## Task requirements
Copy the records below in full and leave every image out of the copy.

____ Material for this task

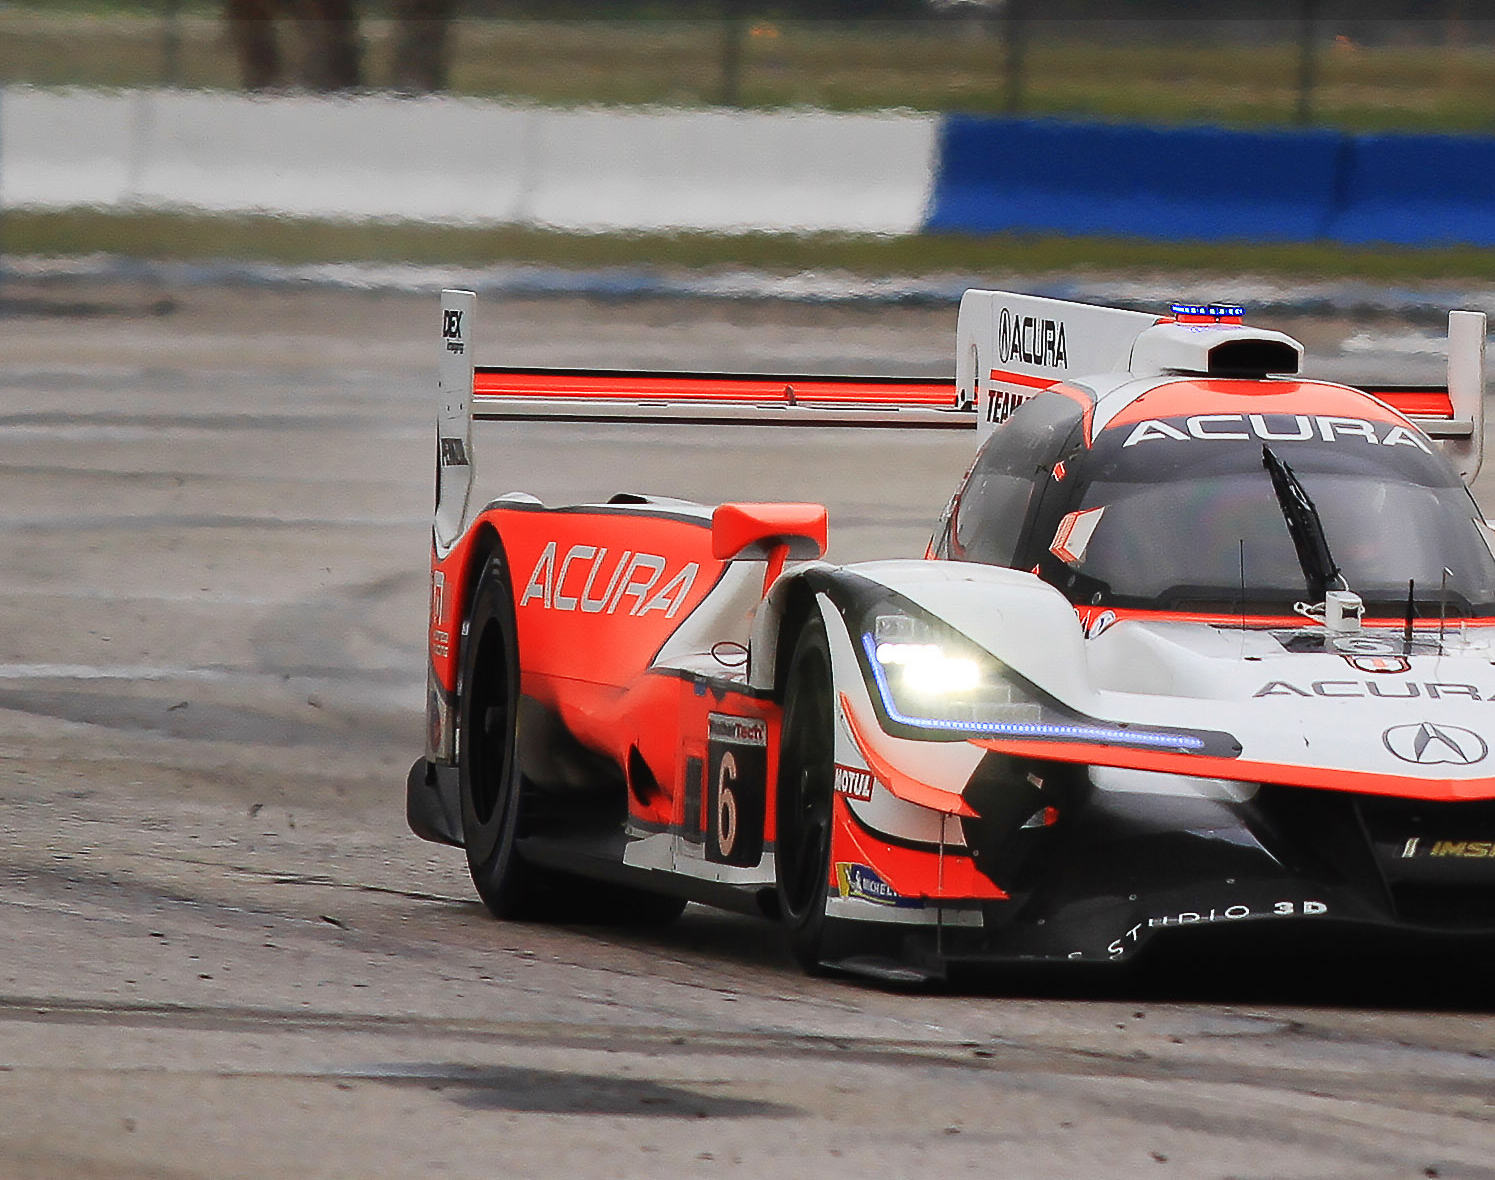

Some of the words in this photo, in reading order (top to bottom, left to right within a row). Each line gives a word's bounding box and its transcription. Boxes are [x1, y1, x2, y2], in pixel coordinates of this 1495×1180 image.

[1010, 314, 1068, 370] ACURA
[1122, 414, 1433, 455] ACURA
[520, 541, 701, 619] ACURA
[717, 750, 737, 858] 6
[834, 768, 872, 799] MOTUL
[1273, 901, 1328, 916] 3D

________

## Task solution
Some of the words in this photo, in reading order (top to bottom, left to right within a row). Each line gives a word's bounding box and its transcription. Boxes are [x1, y1, x2, y2], in pixel coordinates of this 1495×1180 image.

[1010, 314, 1068, 370] ACURA
[1122, 414, 1433, 455] ACURA
[520, 541, 701, 619] ACURA
[717, 750, 737, 858] 6
[834, 768, 872, 799] MOTUL
[1273, 901, 1328, 916] 3D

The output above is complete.